↓
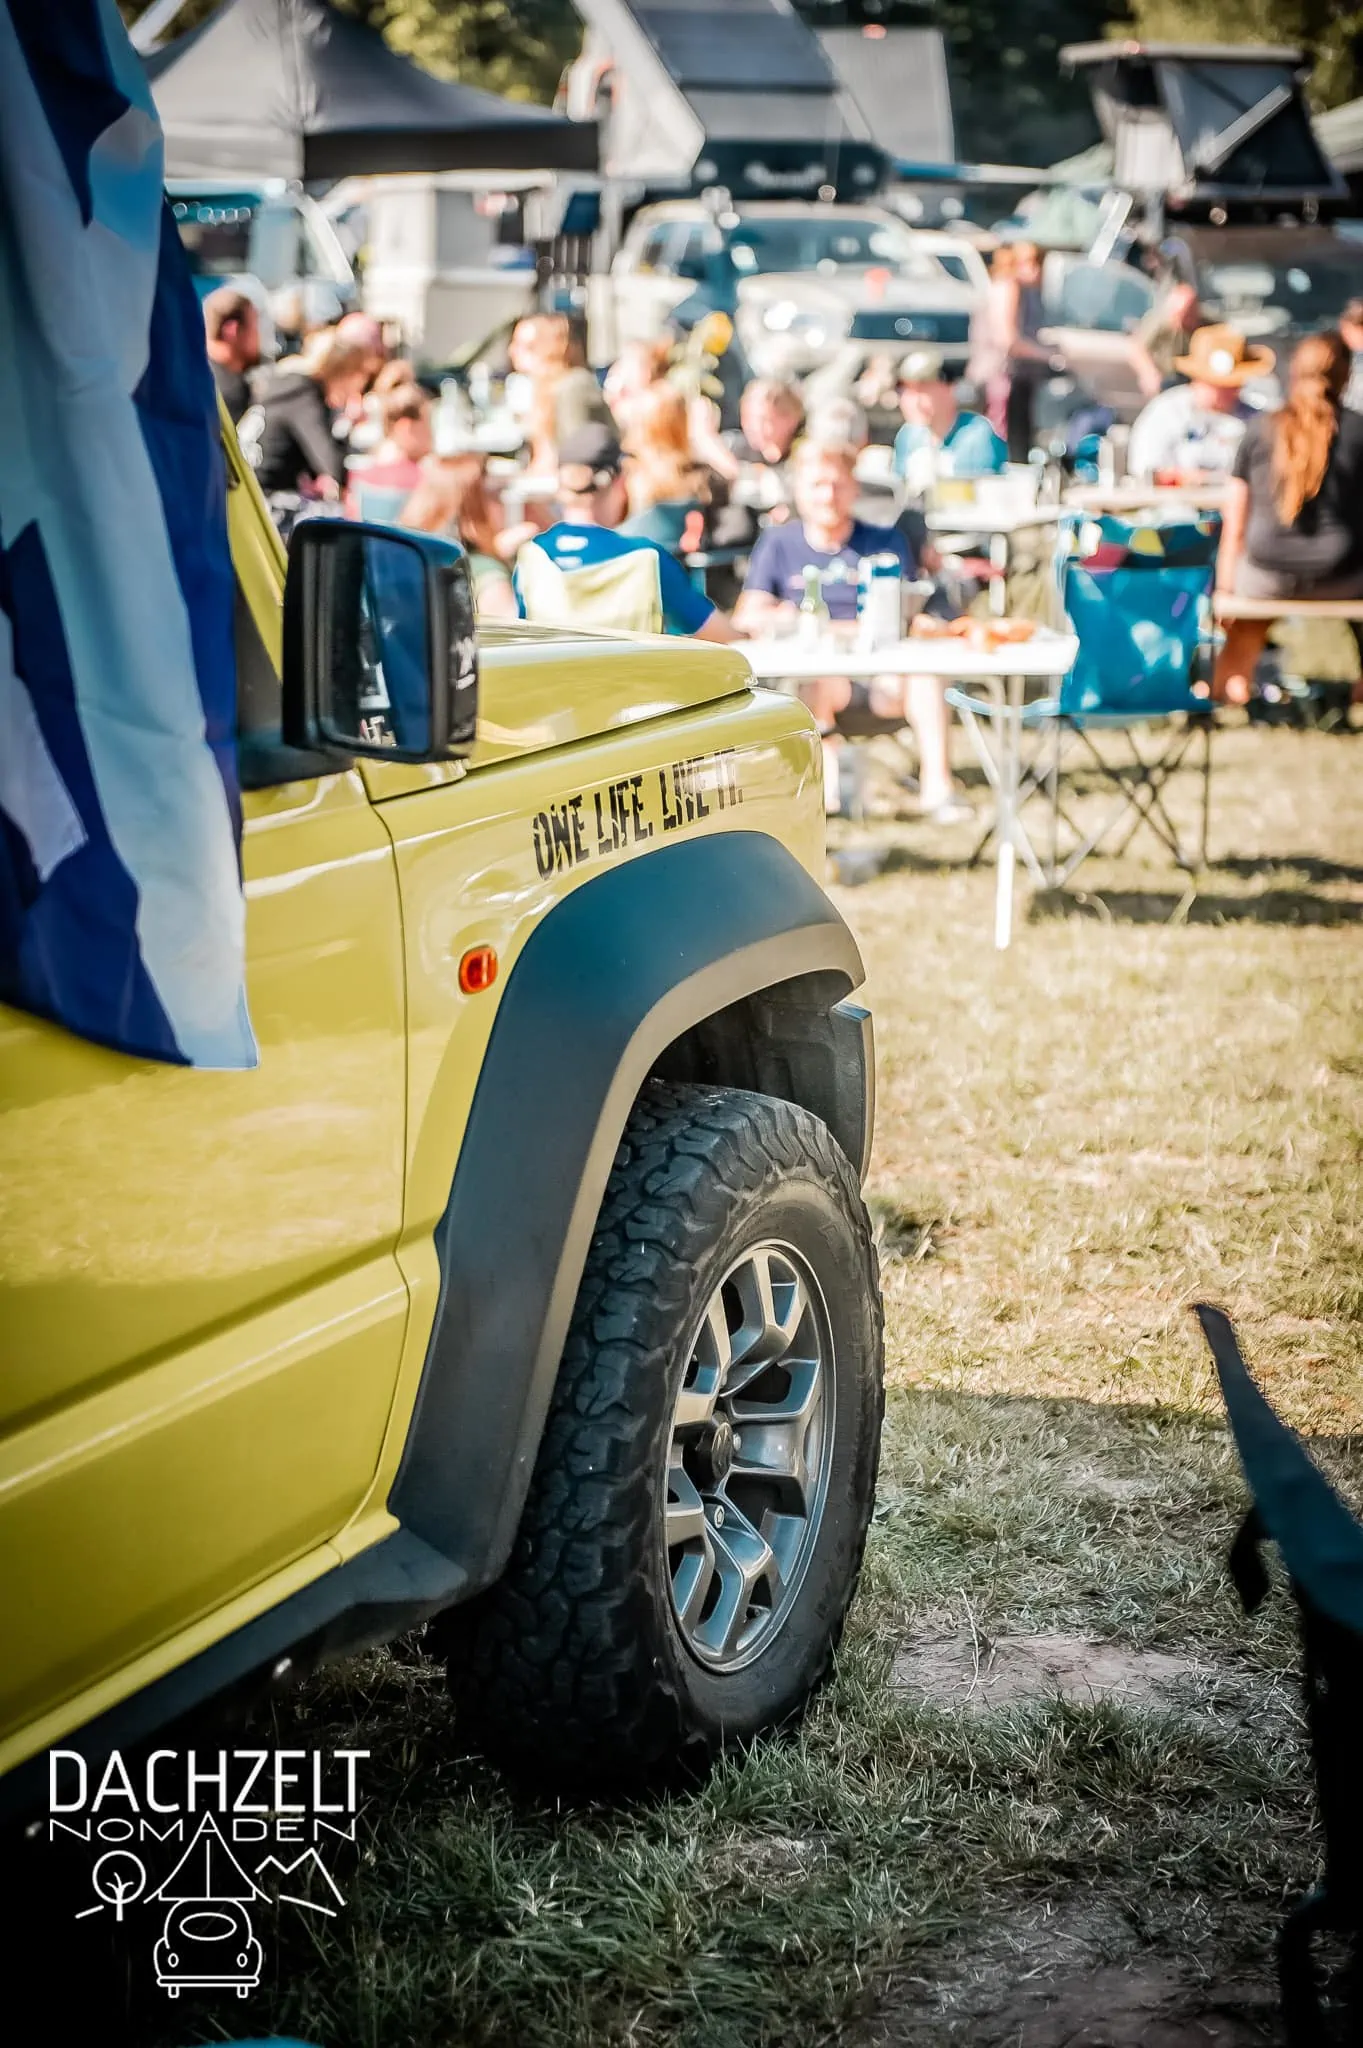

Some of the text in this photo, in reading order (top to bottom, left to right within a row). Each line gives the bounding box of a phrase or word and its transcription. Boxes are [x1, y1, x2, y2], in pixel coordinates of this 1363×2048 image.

[532, 794, 590, 880] ONE
[594, 775, 654, 855] LIFE.
[659, 756, 710, 831] LIVE
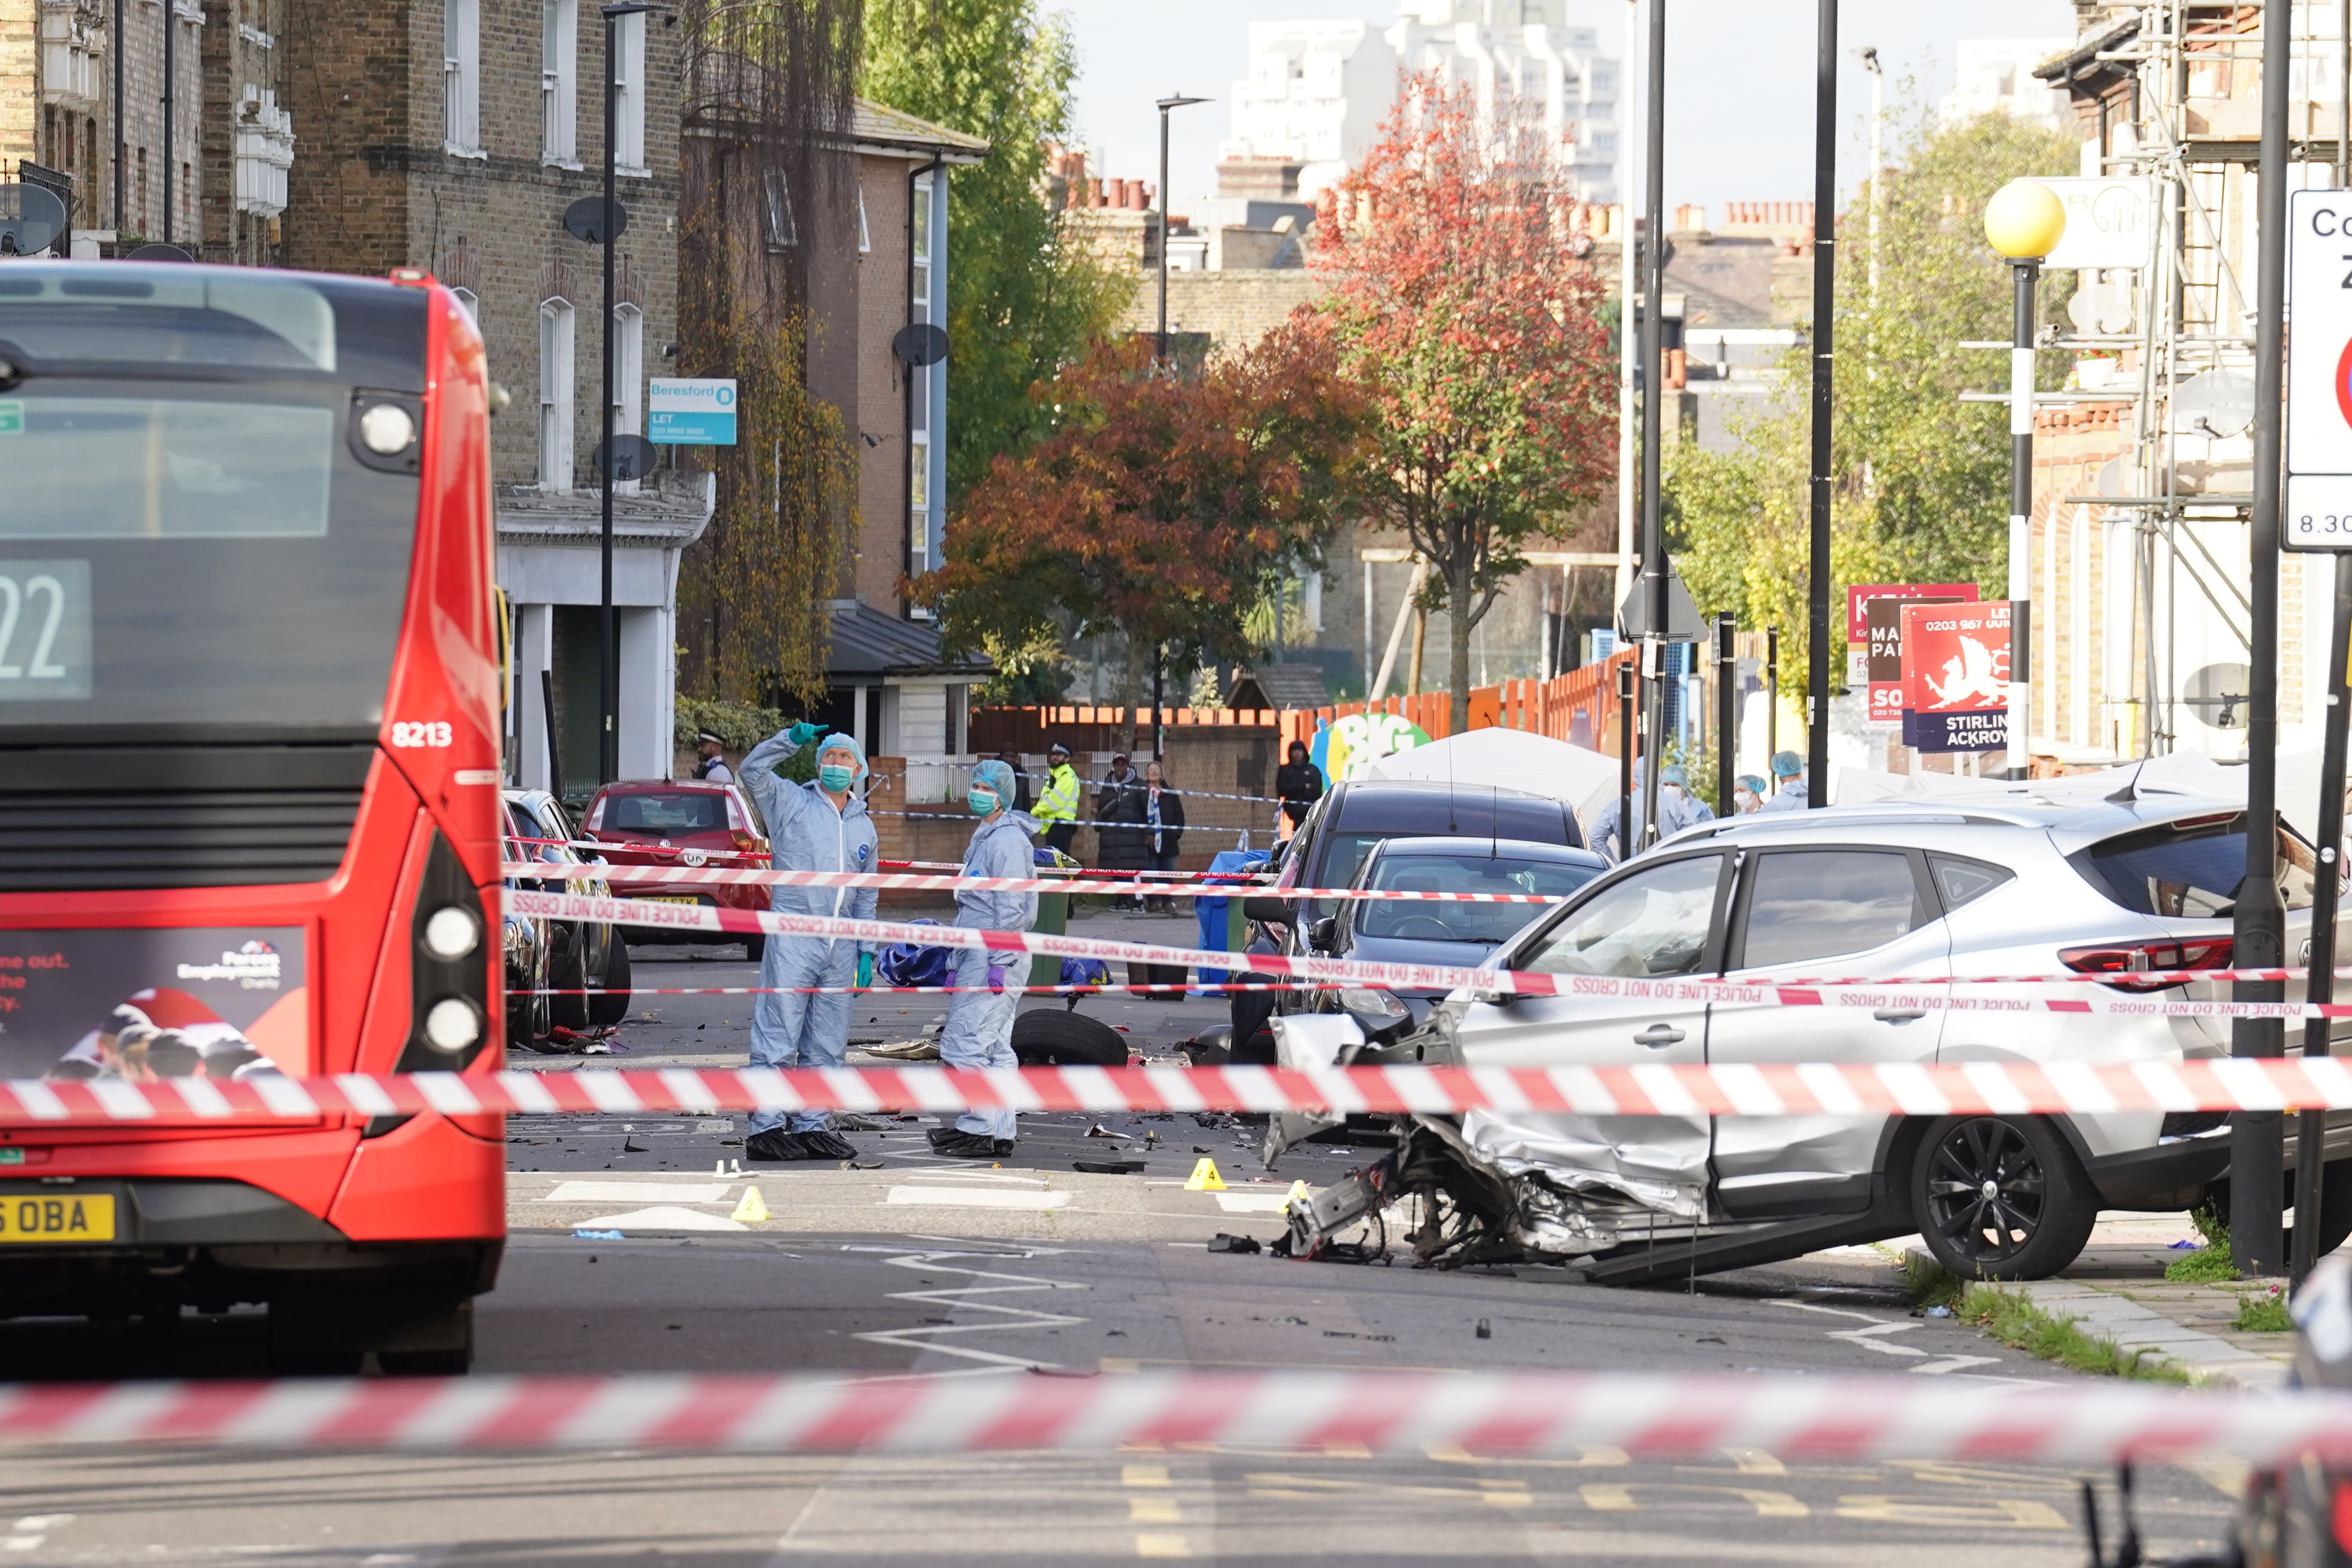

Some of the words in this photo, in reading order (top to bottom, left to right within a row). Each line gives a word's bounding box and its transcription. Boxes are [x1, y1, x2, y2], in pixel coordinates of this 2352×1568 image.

[651, 384, 714, 396] Beresford
[653, 414, 673, 424] LET
[2301, 515, 2352, 533] 8.30
[1925, 620, 1956, 631] 0203
[1873, 688, 1903, 708] SO
[1946, 714, 2008, 730] STIRLIN
[391, 721, 453, 748] 8213
[1334, 715, 1414, 764] BIG
[1947, 730, 2008, 746] ACKROY
[513, 894, 558, 914] CROSS
[564, 899, 590, 916] NOT
[598, 902, 614, 918] DO
[620, 904, 648, 921] LINE
[654, 906, 701, 924] POLICE
[778, 917, 823, 935] CROSS
[829, 920, 855, 936] NOT
[861, 924, 878, 938] DO
[884, 926, 912, 940] LINE
[918, 929, 964, 943] POLICE
[1043, 939, 1088, 953] CROSS
[1094, 946, 1119, 956] NOT
[27, 952, 70, 969] out.
[1308, 960, 1353, 976] CROSS
[177, 963, 280, 981] Employment
[1358, 962, 1383, 979] NOT
[1389, 964, 1407, 981] DO
[1415, 967, 1442, 984] LINE
[1447, 969, 1494, 987] POLICE
[1573, 976, 1618, 995] CROSS
[1623, 981, 1650, 996] NOT
[1655, 983, 1673, 997] DO
[1679, 984, 1708, 1000] LINE
[1714, 987, 1761, 1002] POLICE
[1839, 994, 1885, 1006] CROSS
[1890, 996, 1918, 1007] NOT
[1923, 997, 1941, 1008] DO
[1947, 999, 1976, 1009] LINE
[1982, 1000, 2030, 1010] POLICE
[2109, 1003, 2155, 1012] CROSS
[2161, 1004, 2187, 1013] NOT
[2194, 1004, 2212, 1013] DO
[2217, 1004, 2248, 1014] LINE
[2253, 1004, 2301, 1014] POLICE
[1209, 1170, 1215, 1181] 4
[746, 1199, 754, 1211] 2
[19, 1200, 88, 1233] OBA
↑
> _EXERCISE DIRECTIONS_: Write the entries above out again exactly, omitting each image.

> _RESPONSE TO THIS TASK_:
Some of the text in this photo, in reading order (top to bottom, left to right within a row). Each line gives the bounding box of a phrase or word and its transcription. Boxes are [x1, y1, x2, y2], in pixel coordinates of this 1363×2048 image.

[532, 794, 590, 880] ONE
[594, 775, 654, 855] LIFE.
[659, 756, 710, 831] LIVE

Some of the words in this photo, in reading order (top to bottom, left to right within a row). Each line gives a word's bounding box and its transcription. Boxes are [x1, y1, x2, y2], in pixel coordinates of this 2352×1568 image.

[651, 384, 714, 396] Beresford
[653, 414, 673, 424] LET
[2301, 515, 2352, 533] 8.30
[1925, 620, 1956, 631] 0203
[1873, 688, 1903, 708] SO
[1946, 714, 2008, 730] STIRLIN
[391, 721, 453, 748] 8213
[1334, 715, 1414, 764] BIG
[1947, 730, 2008, 746] ACKROY
[513, 894, 558, 914] CROSS
[564, 899, 590, 916] NOT
[598, 902, 614, 918] DO
[620, 904, 648, 921] LINE
[654, 906, 701, 924] POLICE
[778, 917, 823, 935] CROSS
[829, 920, 855, 936] NOT
[861, 924, 878, 938] DO
[884, 926, 912, 940] LINE
[918, 929, 964, 943] POLICE
[1043, 939, 1088, 953] CROSS
[1094, 946, 1119, 956] NOT
[27, 952, 70, 969] out.
[1308, 960, 1353, 976] CROSS
[177, 963, 280, 981] Employment
[1358, 962, 1383, 979] NOT
[1389, 964, 1407, 981] DO
[1415, 967, 1442, 984] LINE
[1447, 969, 1494, 987] POLICE
[1573, 976, 1618, 995] CROSS
[1623, 981, 1650, 996] NOT
[1655, 983, 1673, 997] DO
[1679, 984, 1708, 1000] LINE
[1714, 987, 1761, 1002] POLICE
[1839, 994, 1885, 1006] CROSS
[1890, 996, 1918, 1007] NOT
[1923, 997, 1941, 1008] DO
[1947, 999, 1976, 1009] LINE
[1982, 1000, 2030, 1010] POLICE
[2109, 1003, 2155, 1012] CROSS
[2161, 1004, 2187, 1013] NOT
[2194, 1004, 2212, 1013] DO
[2217, 1004, 2248, 1014] LINE
[2253, 1004, 2301, 1014] POLICE
[1209, 1170, 1215, 1181] 4
[746, 1199, 754, 1211] 2
[19, 1200, 88, 1233] OBA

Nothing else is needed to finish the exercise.